Structure of Manor Courts: Presided over by the manor's steward and composed of local peasants and free landholders acting as jurors. However, jurors were often biased in favor of the lord, limiting peasants' legal recourse.
Impact on Peasants: Peasants had limited avenues to challenge exploitation, as manor courts were designed to reinforce the lord's authority and financial extraction.
"The manor court was an effective way for the lord to generate revenue from his peasants and keep them tied to the farm." (35:50)
Kevin explores how legal terminology evolved from this period, influencing modern English vocabulary.
Suit and Lawsuit: Originating from the Old English "sake" (claim) and "soak" (jurisdiction), the term "suit" became associated with legal proceedings, leading to "lawsuit." Additionally, the formal attire of court officials led to the modern business "suit."
"Whenever court proceedings were held in Norman England... it was expected that everyone would wear formal attire. That formal attire came to be known as a suit." (43:20)
Expressions Derived from Legal Terms: Phrases like "for Pete's sake" and "keepsake" trace back to the legal and social constructs of Norman England.
"In words like namesake and keepsake and the expression for Pete's sake, we see a linguistic connection back to the term 'sake'." (46:35)

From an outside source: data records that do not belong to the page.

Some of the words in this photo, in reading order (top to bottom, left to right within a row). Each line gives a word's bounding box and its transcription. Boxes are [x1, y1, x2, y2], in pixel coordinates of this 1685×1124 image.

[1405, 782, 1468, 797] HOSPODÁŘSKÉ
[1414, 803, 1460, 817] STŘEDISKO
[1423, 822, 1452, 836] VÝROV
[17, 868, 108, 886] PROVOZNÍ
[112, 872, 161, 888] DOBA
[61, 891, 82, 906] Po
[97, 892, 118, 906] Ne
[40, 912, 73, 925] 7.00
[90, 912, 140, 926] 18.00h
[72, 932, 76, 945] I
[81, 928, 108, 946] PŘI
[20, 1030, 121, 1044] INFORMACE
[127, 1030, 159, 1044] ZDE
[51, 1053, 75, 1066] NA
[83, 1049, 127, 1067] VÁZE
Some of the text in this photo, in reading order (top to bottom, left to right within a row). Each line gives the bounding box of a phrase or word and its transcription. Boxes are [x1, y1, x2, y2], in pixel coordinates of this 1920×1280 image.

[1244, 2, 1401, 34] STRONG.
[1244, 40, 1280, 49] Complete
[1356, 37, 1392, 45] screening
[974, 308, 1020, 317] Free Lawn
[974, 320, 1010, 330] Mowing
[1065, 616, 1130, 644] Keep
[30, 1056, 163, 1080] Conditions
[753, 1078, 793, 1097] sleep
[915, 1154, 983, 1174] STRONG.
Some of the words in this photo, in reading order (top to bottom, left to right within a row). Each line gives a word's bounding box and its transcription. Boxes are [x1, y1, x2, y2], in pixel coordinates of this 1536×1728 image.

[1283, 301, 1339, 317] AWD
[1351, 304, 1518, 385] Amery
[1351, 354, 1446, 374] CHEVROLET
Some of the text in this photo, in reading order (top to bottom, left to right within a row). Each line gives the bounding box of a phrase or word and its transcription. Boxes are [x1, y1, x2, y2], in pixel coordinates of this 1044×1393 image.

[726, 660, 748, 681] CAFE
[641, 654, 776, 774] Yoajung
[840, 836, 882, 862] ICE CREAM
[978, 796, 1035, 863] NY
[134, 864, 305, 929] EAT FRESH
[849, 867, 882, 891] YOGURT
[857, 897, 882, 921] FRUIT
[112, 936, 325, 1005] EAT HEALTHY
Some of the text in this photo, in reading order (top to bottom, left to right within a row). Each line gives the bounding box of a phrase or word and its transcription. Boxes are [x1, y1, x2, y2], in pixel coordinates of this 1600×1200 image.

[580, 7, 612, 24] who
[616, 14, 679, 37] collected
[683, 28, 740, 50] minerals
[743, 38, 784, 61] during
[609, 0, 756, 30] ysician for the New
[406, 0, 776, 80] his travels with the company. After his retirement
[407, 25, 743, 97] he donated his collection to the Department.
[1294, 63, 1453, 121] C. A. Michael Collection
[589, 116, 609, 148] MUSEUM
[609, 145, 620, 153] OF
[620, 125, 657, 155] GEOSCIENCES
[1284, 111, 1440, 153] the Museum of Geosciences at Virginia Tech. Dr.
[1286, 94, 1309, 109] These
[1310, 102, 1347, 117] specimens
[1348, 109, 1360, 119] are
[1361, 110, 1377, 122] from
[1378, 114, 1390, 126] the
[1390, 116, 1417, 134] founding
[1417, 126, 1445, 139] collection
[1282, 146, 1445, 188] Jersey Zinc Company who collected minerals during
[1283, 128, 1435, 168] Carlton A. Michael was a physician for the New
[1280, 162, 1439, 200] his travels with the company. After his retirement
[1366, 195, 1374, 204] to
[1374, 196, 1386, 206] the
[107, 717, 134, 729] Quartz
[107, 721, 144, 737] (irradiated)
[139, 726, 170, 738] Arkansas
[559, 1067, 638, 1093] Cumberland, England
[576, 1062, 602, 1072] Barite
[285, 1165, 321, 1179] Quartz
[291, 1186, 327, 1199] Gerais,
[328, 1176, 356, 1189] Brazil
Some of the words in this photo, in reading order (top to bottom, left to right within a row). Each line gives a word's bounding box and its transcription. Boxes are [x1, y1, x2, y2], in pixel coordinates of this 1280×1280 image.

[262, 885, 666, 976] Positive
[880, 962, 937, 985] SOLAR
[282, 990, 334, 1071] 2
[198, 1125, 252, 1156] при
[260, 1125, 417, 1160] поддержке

Kevin summarizes the episode by identifying two pivotal changes introduced by the Normans:
These changes had lasting linguistic effects, leading to the diversification of English regional dialects and the incorporation of a vast array of French and Latin vocabulary into the English language.
"As we move forward, England was increasingly a polyglot nation... This linguistic confusion contributed to a new form of English." (55:40)
Kevin concludes by setting the stage for upcoming episodes, which will explore the fractured English language resulting from regional dialects, Norse influences in the north, the proliferation of French among the aristocracy, and the continued dominance of Latin in official domains.
This episode provides an intricate look at how the Norman Conquest not only reshaped the social and political landscape of England but also left an indelible mark on the English language, the effects of which are still evident today.